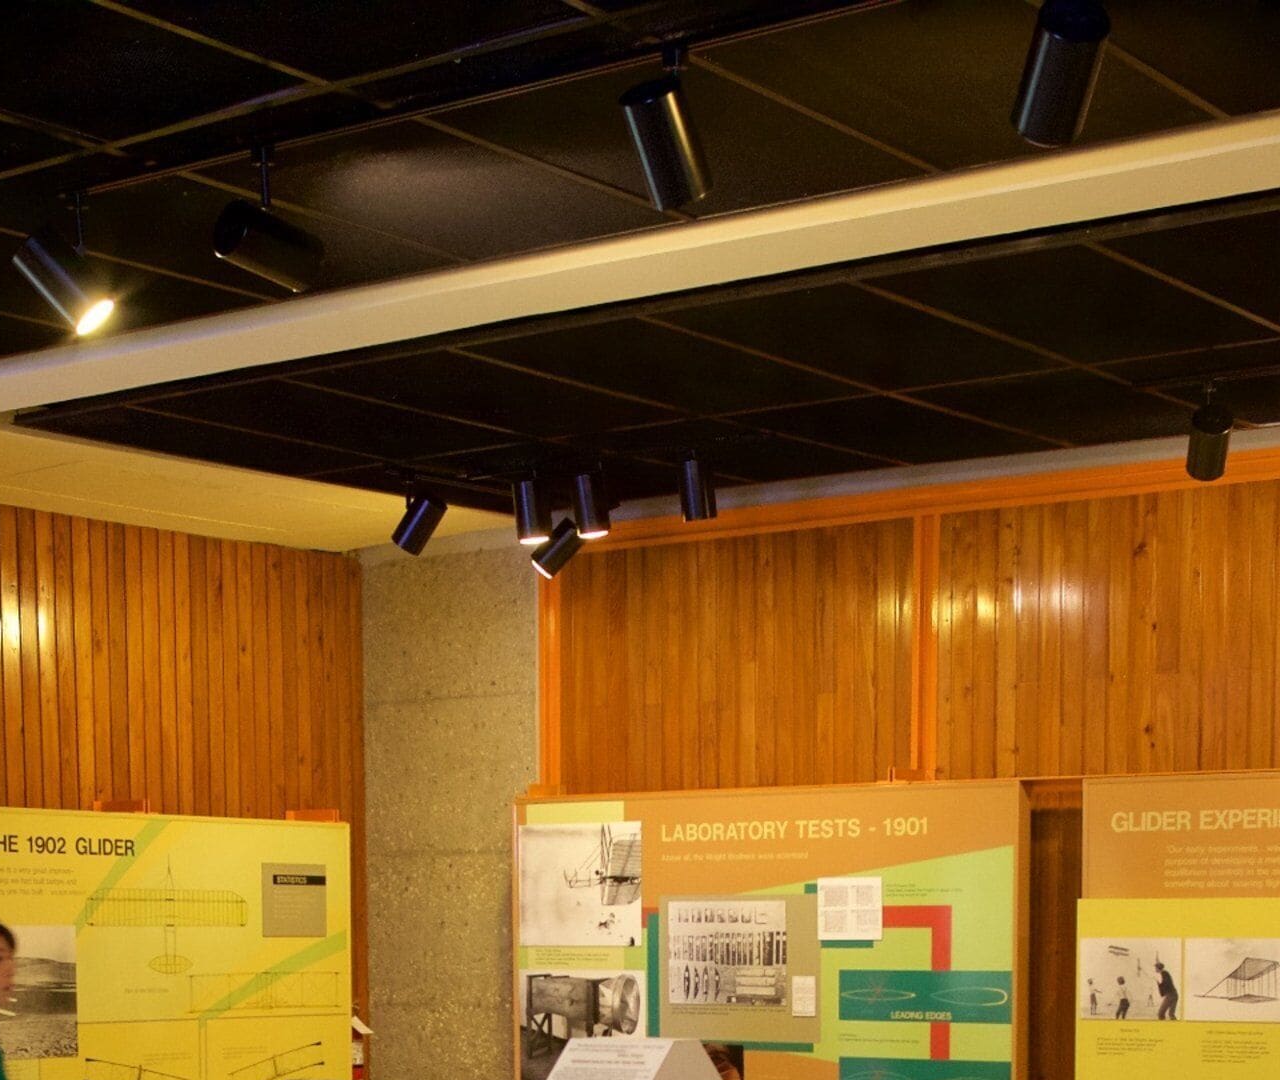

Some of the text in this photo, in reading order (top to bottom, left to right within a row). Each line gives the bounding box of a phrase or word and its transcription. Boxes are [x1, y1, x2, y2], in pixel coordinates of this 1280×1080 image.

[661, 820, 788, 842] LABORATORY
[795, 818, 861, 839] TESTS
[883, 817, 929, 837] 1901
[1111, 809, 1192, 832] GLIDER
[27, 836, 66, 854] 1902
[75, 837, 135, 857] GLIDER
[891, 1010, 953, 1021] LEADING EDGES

▸ INSTRUCTIONS TO FOLLOW: What you give back must match the entries exactly, apart from the omitted pictures.

▸ RESULT FOR THIS EXERCISE:
Some of the text in this photo, in reading order (top to bottom, left to right within a row). Each line gives the bounding box of a phrase or word and its transcription. Boxes are [x1, y1, x2, y2], in pixel coordinates of this 1280×1080 image.

[661, 820, 788, 842] LABORATORY
[795, 818, 861, 839] TESTS
[883, 817, 929, 837] 1901
[1111, 809, 1192, 832] GLIDER
[27, 836, 66, 854] 1902
[75, 837, 135, 857] GLIDER
[891, 1010, 953, 1021] LEADING EDGES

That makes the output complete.